Sunday, December 22, 2024

Connecticut Supreme Court upholds lower court's ruling in malpractice suit, clarifies doctrine

Medical malpractice 03

HARTFORD, Conn. (Legal Newsline) – The Connecticut Supreme Court on April 11 affirmed a lower appellate court’s ruling that a patient’s amended claim that a doctor botched a spinal surgery through improper use of a surgical instrument related back to a previous claim alleging negligent use of a different instrument.

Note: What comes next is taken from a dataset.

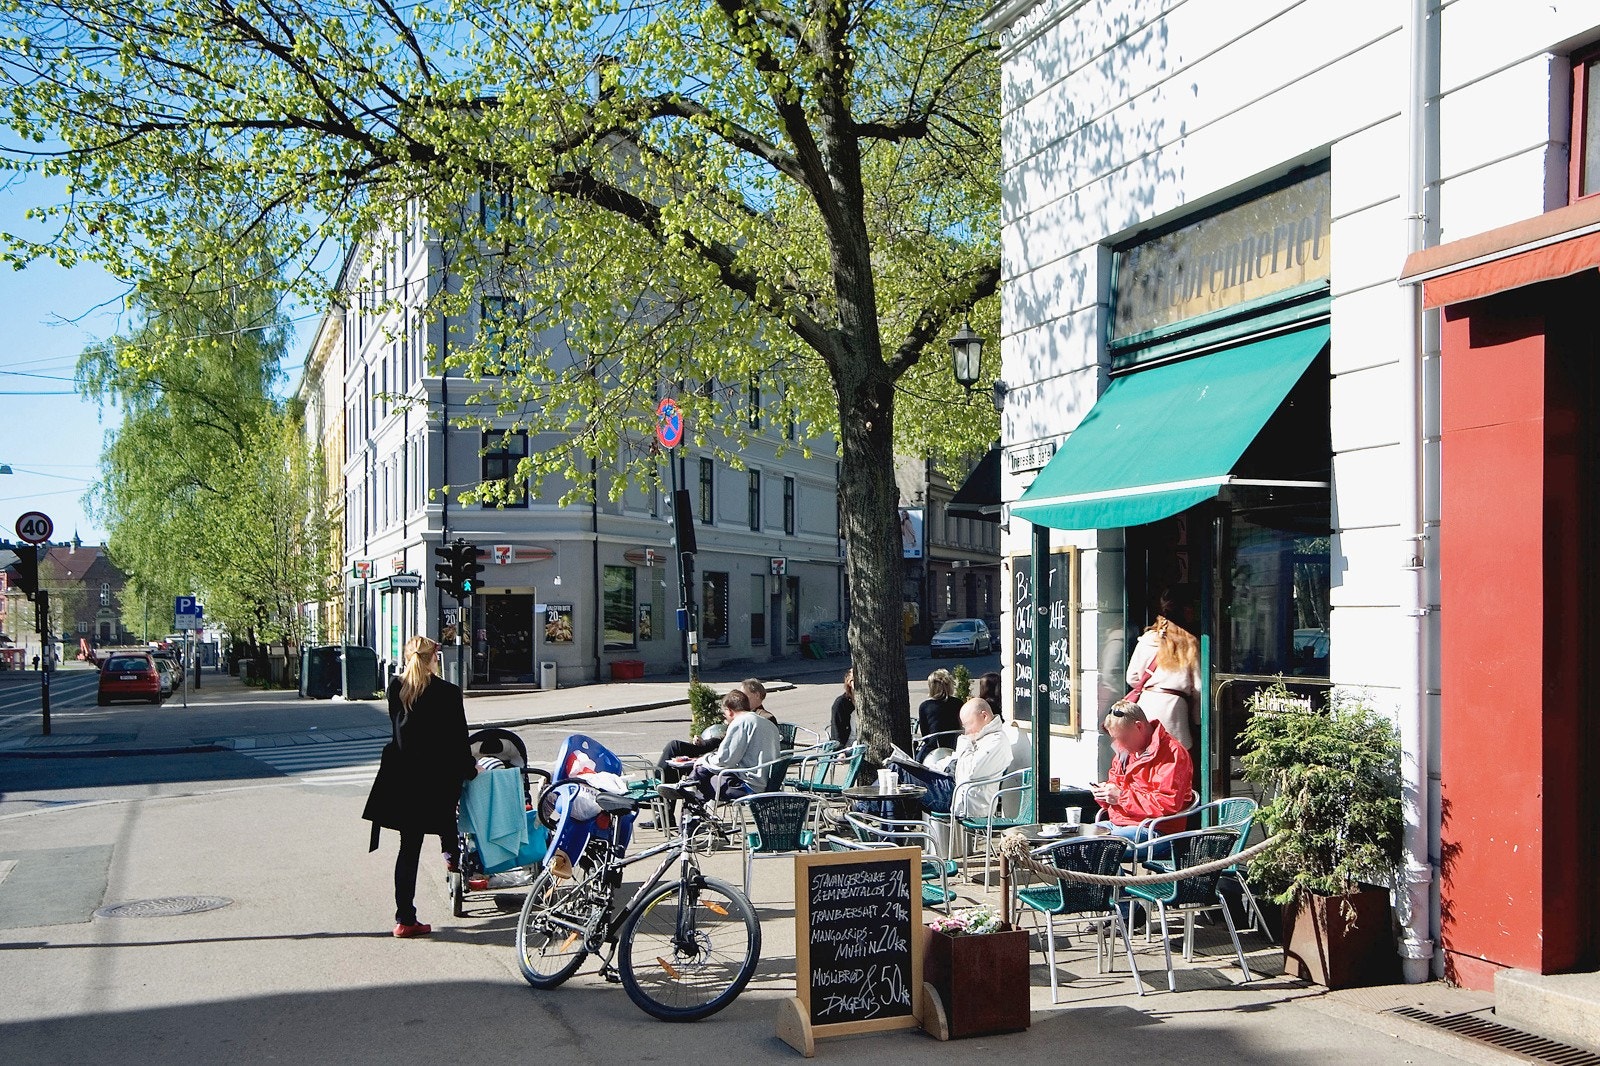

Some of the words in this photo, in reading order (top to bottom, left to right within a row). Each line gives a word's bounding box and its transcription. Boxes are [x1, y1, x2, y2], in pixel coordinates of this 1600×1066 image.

[22, 519, 48, 536] 40
[180, 598, 191, 613] P
[817, 992, 881, 1019] DAGENS

The high court’s ruling clarified the “relation back” doctrine, which means an amended pleading may relate back to the time when the original pleading was filed, as it applies to medical malpractice cases. 

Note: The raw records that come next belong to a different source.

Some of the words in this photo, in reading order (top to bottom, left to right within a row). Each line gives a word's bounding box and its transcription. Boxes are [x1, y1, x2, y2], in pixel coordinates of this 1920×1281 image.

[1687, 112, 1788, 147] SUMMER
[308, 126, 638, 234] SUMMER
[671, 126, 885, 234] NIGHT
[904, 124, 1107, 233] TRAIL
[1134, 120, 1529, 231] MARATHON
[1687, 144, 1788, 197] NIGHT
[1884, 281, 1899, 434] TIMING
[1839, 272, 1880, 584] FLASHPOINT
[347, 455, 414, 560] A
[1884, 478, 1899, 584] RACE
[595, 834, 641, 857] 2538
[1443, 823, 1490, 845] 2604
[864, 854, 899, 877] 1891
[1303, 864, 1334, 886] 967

The initial complaint filed by patient Donald Briere accused Dr. David Kruger and his practice, Greater Hartford Orthopedic Group PC, of medical malpractice after a spinal surgery left him permanently weak in all four limbs. In the initial complaint, the plaintiff alleged Kruger caused the injury with the improper use of a skull clamp.


After an eyewitness testified that the alleged injury was the result of the improper use of a retractor blade, the plaintiff sought to amend the claim. The lower court found that the amended claim arose out of the same original negligence claim, which was upheld by the Supreme Court.

The justices determined that the amended negligence claim must fall within the scope of the original cause of action, or the event underpinning the plaintiff’s legal claim. It is up to the trial court to make a case-by-case determination regarding what makes up the original cause of action.

“In making such a determination, the trial court must not view the allegations so narrowly that any amendment changing or enhancing the original allegations would be deemed to constitute a different cause of action,” the high court wrote in a 12-page opinion. 

“But the trial court also must not generalize so far from the specific allegations that the cause of action ceases to pertain to a specific transaction or occurrence between the parties that was identified in the original complaint.”

When the defense filed a motion to limit proceedings to the original claim that the injury was caused by a skull camp instead of a retractor blade, the justices determined that the original cause of action is a claim that Kruger negligently performed spinal surgery on Briere through the use of medical instruments solely controlled by the doctor.

“The retractor blade allegations do not contradict the theory that Kruger improperly used medical instruments during surgery,” the court said. “Instead, they constitute a change in and addition to an act of negligence, which is permitted under the relation back doctrine.”